Stored entries:
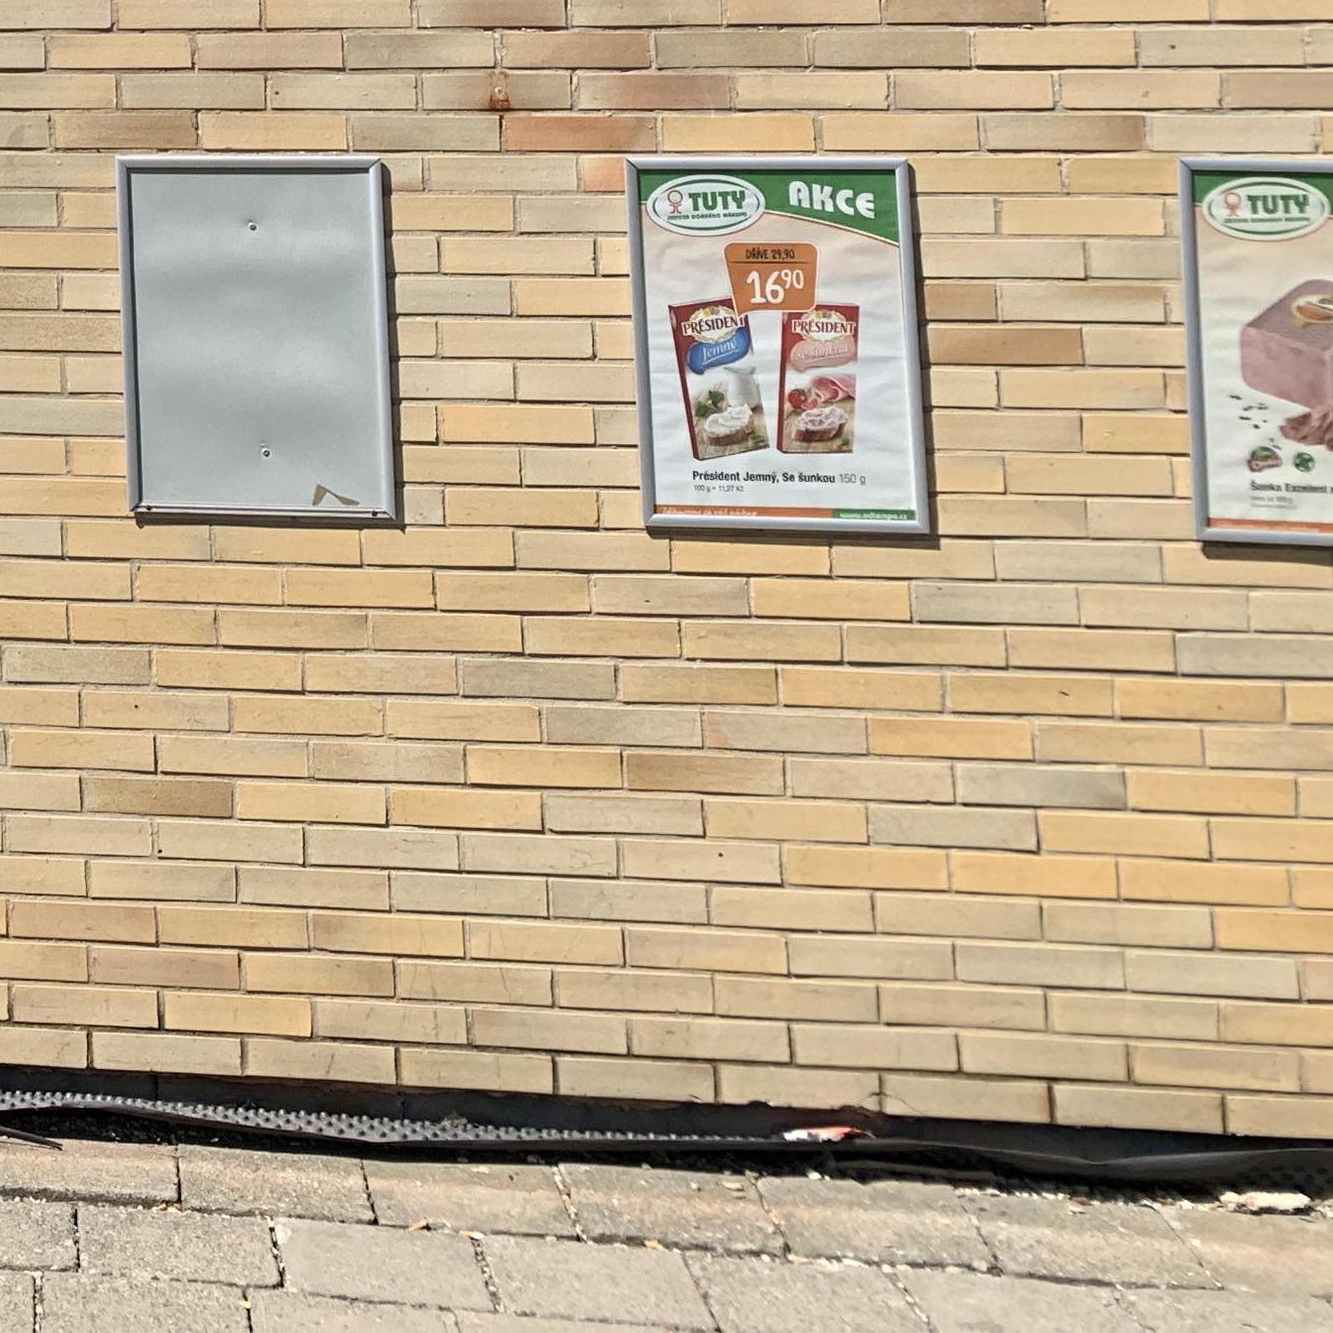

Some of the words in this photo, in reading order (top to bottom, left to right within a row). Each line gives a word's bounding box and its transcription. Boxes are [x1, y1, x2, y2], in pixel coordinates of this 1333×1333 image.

[688, 190, 746, 211] TUTY
[789, 180, 875, 219] AKCE
[1246, 194, 1309, 215] TUTY
[745, 247, 769, 260] DŘÍVE
[771, 249, 796, 261] 29,90
[683, 314, 745, 335] PRÉSIDENT
[793, 319, 856, 335] PRÉSIDENT
[692, 470, 740, 482] Président
[743, 471, 779, 484] Jemný,
[783, 472, 796, 483] Se
[798, 472, 836, 483] šunkou
[839, 473, 857, 484] 150
[859, 475, 867, 486] g
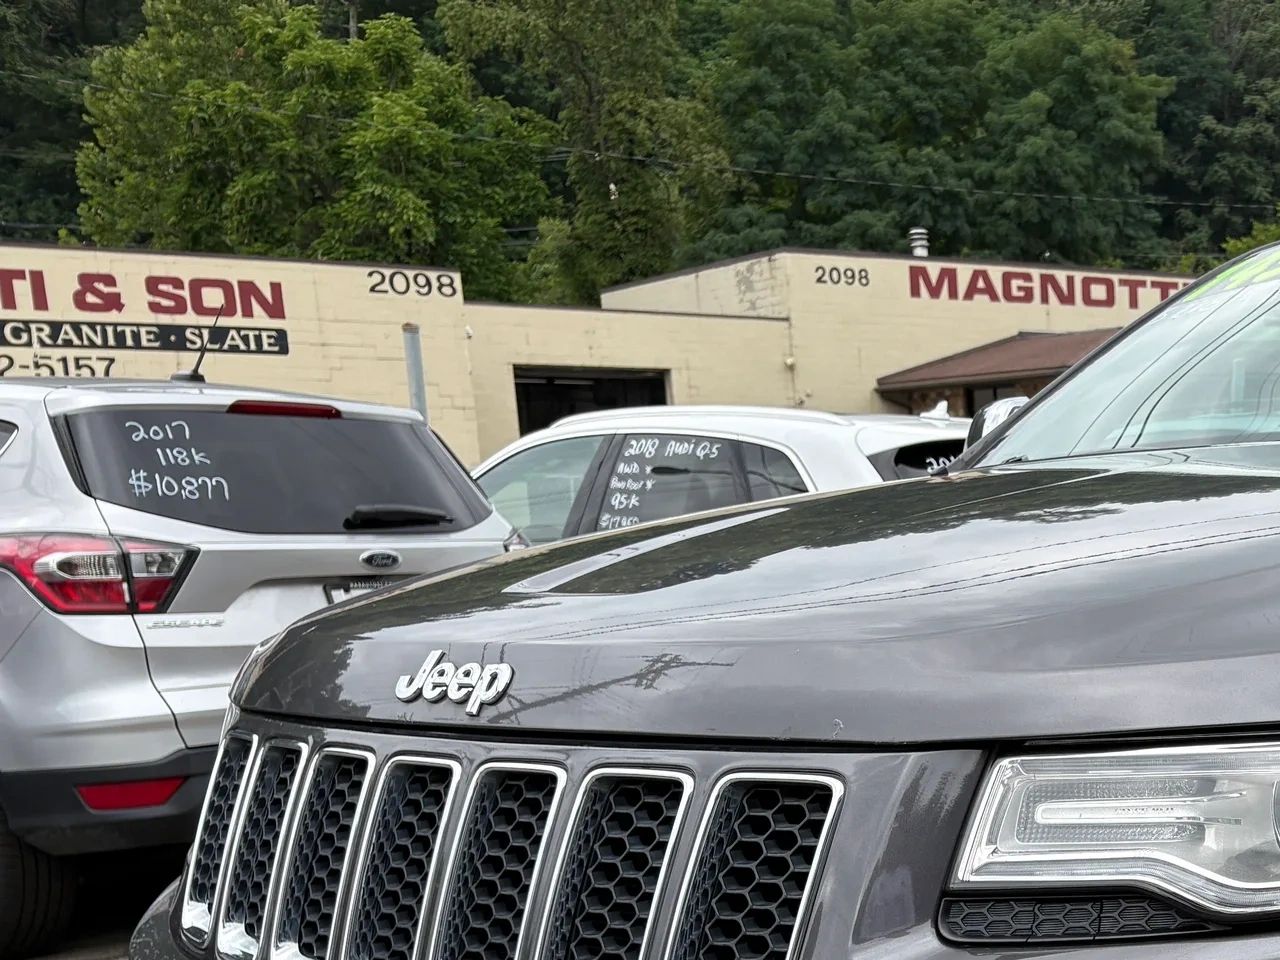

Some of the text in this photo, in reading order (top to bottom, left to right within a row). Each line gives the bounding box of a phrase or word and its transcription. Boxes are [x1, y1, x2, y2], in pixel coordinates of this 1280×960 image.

[366, 270, 457, 297] 2098
[814, 266, 870, 287] 2098
[908, 265, 1191, 310] MAGNOTT
[72, 273, 125, 314] &
[145, 276, 286, 320] SON
[3, 321, 282, 351] GRANITE SLATE
[125, 420, 190, 442] 2017
[624, 438, 659, 458] 2018
[395, 650, 515, 716] Jeep
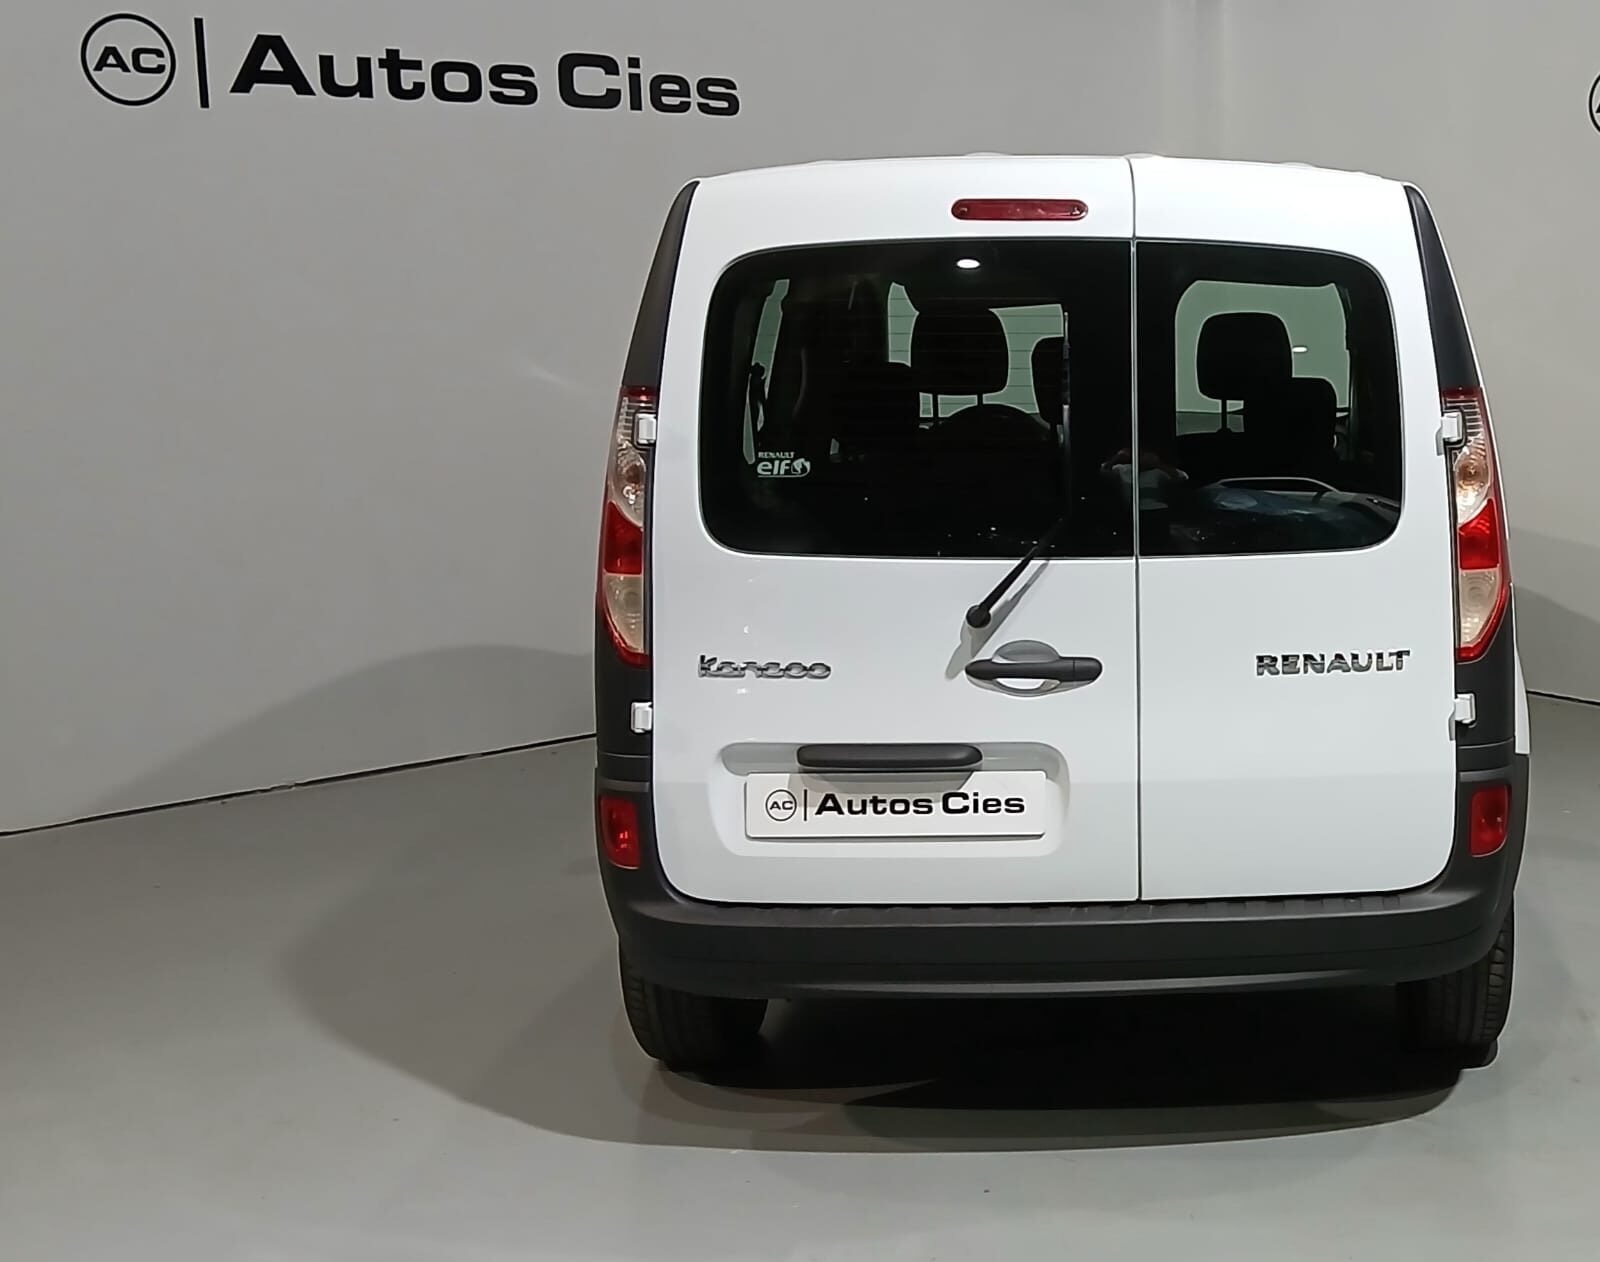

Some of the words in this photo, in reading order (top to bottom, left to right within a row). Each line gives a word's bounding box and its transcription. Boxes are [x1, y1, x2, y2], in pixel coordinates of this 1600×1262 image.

[92, 45, 167, 75] AC
[230, 34, 539, 106] Autos
[557, 53, 741, 117] Cies
[757, 460, 792, 475] elf
[758, 451, 795, 459] RENAULT
[1256, 650, 1411, 676] RENAULT
[769, 800, 794, 811] AC
[814, 793, 934, 816] Autos
[941, 791, 1026, 814] Cies
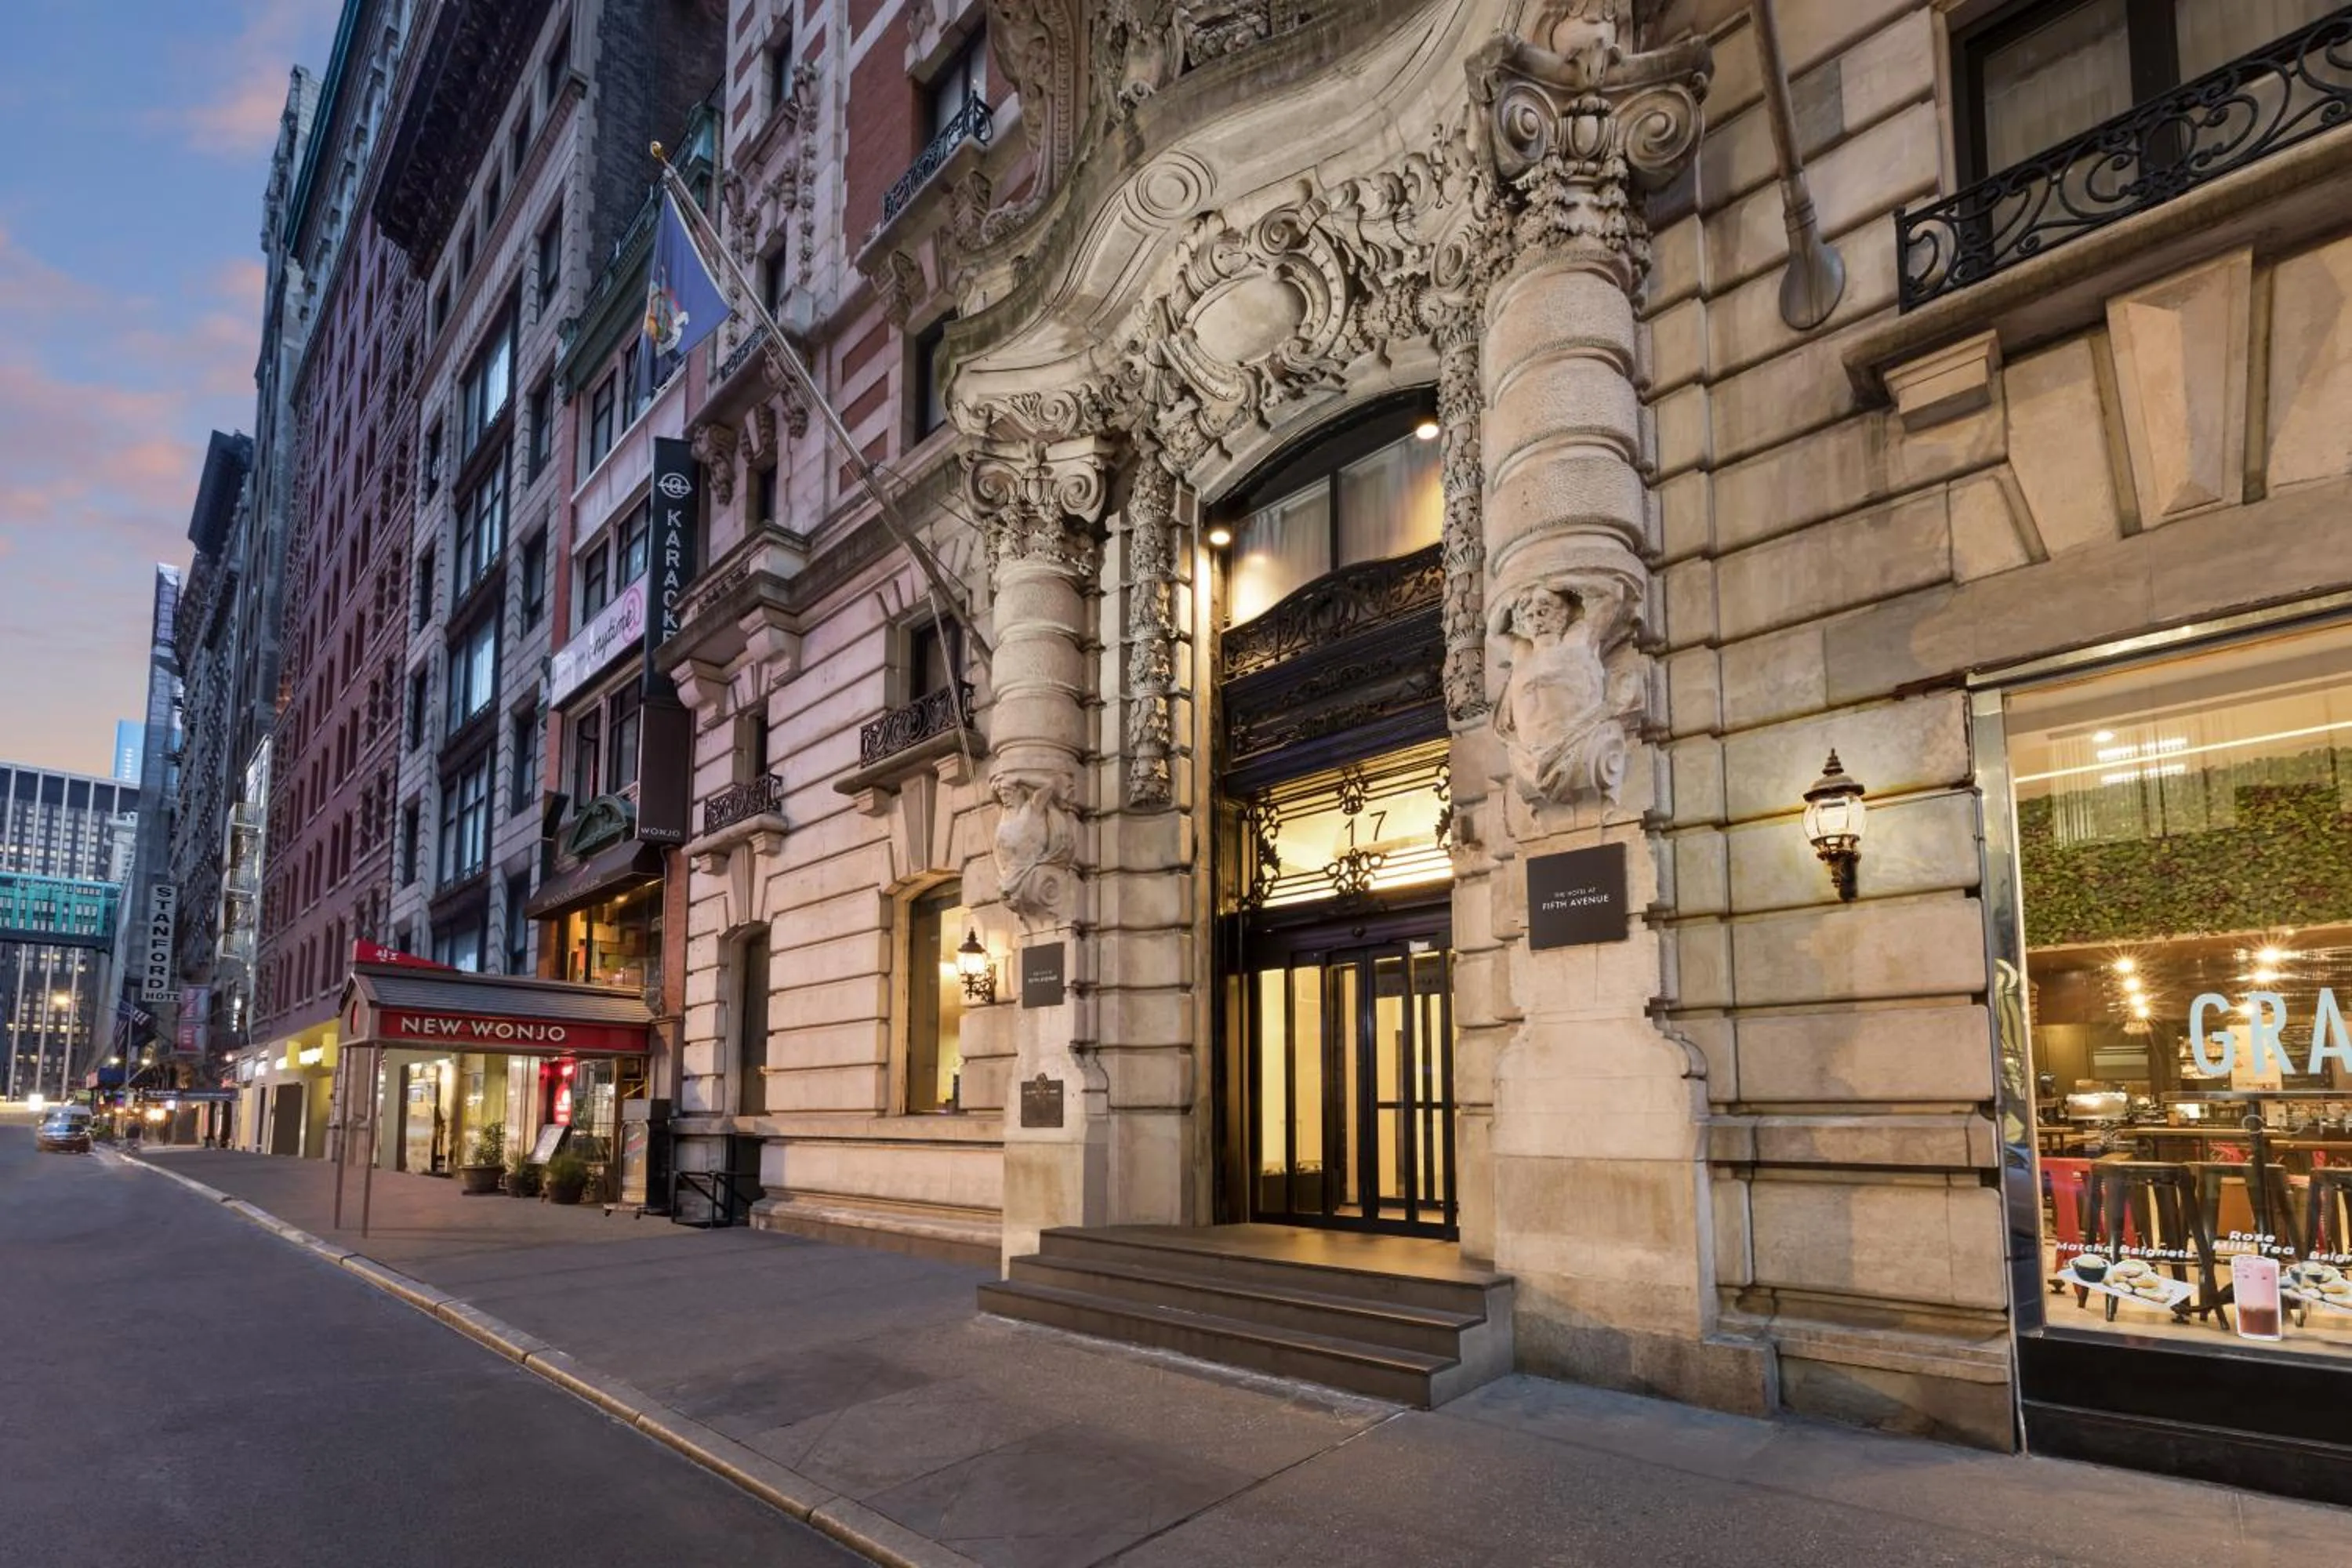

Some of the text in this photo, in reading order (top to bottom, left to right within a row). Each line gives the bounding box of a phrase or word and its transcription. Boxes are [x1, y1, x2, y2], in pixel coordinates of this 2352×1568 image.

Exercise objective:
Reproduce exactly, with every picture left out, the lines from the one that contains "this 1600×1262 image." to the final line of the records above.

Solution to the exercise:
Some of the words in this photo, in reading order (top to bottom, left to right within a row). Each line gives a word's bounding box and its transcription. Boxes are [x1, y1, x2, y2], in pixel coordinates of this 1600×1262 image.

[92, 45, 167, 75] AC
[230, 34, 539, 106] Autos
[557, 53, 741, 117] Cies
[757, 460, 792, 475] elf
[758, 451, 795, 459] RENAULT
[1256, 650, 1411, 676] RENAULT
[769, 800, 794, 811] AC
[814, 793, 934, 816] Autos
[941, 791, 1026, 814] Cies

Some of the text in this photo, in reading order (top to bottom, left to right within a row). Each line gives the bounding box of a phrase or word and its transcription. Boxes are [x1, y1, x2, y2], in pixel coordinates of this 2352×1568 image.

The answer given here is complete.